Data as a fuel : Transforming how we evaluate, measure + act on consumer behavior | #BigDataSV


abhishek-mehtaBroadcasting from #BigDataSV last week in Santa Clara, California, John Furrier and Jeff Kelly, theCUBE co-hosts, continued their quest in talking to the best Big Data practitioners by interviewing Abhishek Mehta, the CEO of Tresata. He was asked to elaborate on the challenges of being an entrepreneur and to pinpoint the trends and the blindspots of the industry.

“There’s an interesting metric where people equate success to how much money you’ve raised. I equate success to how much money I’ve made. We’ve had an awesome year,” boasted Mehta. “The market has reached the point that you and Dave and I spoke about four years ago: data factories and their ability to monetize data in ways never possible before. However, the ability to do that depends on domain knowledge, science and technology coming together seamlessly. Big Data is a bigger ecosystem than Hadoop. The era of building and commercializing tools is behind us,” reckons Mehta.”Democratization and commoditization are two sides of the same coin. As Big Data technologies democratize, they will commoditize. The only way to extract value is going up the stack and finding problems to solve with Big Data.”

“When you commoditize the infrastructure, the middleware and the applications, what’s left? Where’s the value?” asked Furrier. “If the stack becomes commoditized, where’s the value shift?”

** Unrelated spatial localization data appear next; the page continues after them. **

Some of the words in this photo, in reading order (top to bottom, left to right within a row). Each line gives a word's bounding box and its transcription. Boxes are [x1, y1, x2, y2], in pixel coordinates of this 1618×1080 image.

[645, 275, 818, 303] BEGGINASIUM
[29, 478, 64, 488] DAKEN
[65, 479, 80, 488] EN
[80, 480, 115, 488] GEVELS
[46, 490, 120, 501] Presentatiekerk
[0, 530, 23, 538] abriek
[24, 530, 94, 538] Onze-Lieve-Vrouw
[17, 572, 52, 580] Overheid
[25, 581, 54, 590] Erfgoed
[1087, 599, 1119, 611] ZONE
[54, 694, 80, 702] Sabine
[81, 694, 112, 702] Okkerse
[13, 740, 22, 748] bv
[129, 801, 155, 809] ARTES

Business leadership with technical expertise


“As an industry, we have to realize that companies that are hundreds of billions of dollars in revenue, on a stack that includes databases, storage, BI and analytical software, are under attack. Both with their legacy stacks, as well as from this revolution called open source. The question is ‘Is the commoditization going up the stack?’ The answer is ‘Absolutely yes’,”commented Mehta. “I don’t think that the Big Data market is a technology market; this is a business revolution. Where you add value isn’t technology, is not data, is not science, but the combination of the three.”

“When approaching a client, and presenting the massive explosion of data, the only way to make money is to understand customer behavior. But understanding customer behavior is a hard thing to do. It’s a combination of open data, open tech and open science. These three components make something unique. That’s where the value is, and it cannot be commoditized. The expertize is very hard to replicate,” stated Mehta.

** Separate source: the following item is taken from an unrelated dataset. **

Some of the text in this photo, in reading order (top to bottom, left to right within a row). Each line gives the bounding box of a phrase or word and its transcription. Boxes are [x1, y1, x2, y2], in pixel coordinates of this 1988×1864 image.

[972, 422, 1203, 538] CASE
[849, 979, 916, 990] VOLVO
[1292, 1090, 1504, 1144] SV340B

He continued: “Commoditization will rapidly expand up the stack; IT is a $3 trillion market. 80 percent of that is enterprise software. That’s the value at stake.”

The language of business vs the language of tech


“You just said that if you are doing a database tooling, you should fold your business and shut down,” laughed  Furrier. “Are you impressed with the current start-ups?”

“I love the fact that there’s so much confusion and lack of quality in start-ups. In a way, it helps with sorting them out. There are three trends I see: 1) the days of selling databases for hundreds of millions of dollars is over. The enterprise buyer is smart enough to realize that algorithms are free, just as BI and database functionality. They struggle to figure out how to take all these open source components and find value, but they are smart enough to realize open source works; 2) the buyer itself is changing; you no longer sell to the CIO. You are selling to the CMO, CFO, CEO etc; 3) applications represent the next generation predictive analytics software; you are delivering actionable intelligence, at scale, for a variety of problems that you can monetize tomorrow,” explained Mehta.

Data as a fuel


“This is a Darwinian moment in our lifetime,” stated Mehta. “It’s a 50-year boom cycle. Data as a fuel will fundamentally transform how we evaluate, measure and act on consumer behavior – from education all the way to fraud or disease management.”

“You’ve built an application which is getting a lot of attention,” jumped in Kelly. “Tell our viewers a little more about that.”

“Two years ago people were praising Hadoop but were reluctant about it because it was batch. I told everyone not to underestimate the open source community. Spark was the genesis of that. It brings to Hadoop an in-memory, real-time, computational capability. In a simplistic way, Spark is an in-memory database like framework, that allows advanced algorithms to run in-memory, at scale,” explained Mehta. “The cool part about Spark is it works natively with HDFS. Unlike other in-memory systems and engines where you have to go and re-populate data, trying to find insight on different populations, Spark will do this dynamically. We often get asked why we are focusing on ecosystem and not build virtualization. We’ll only build virtualization when scale is the insight,” Mehta added.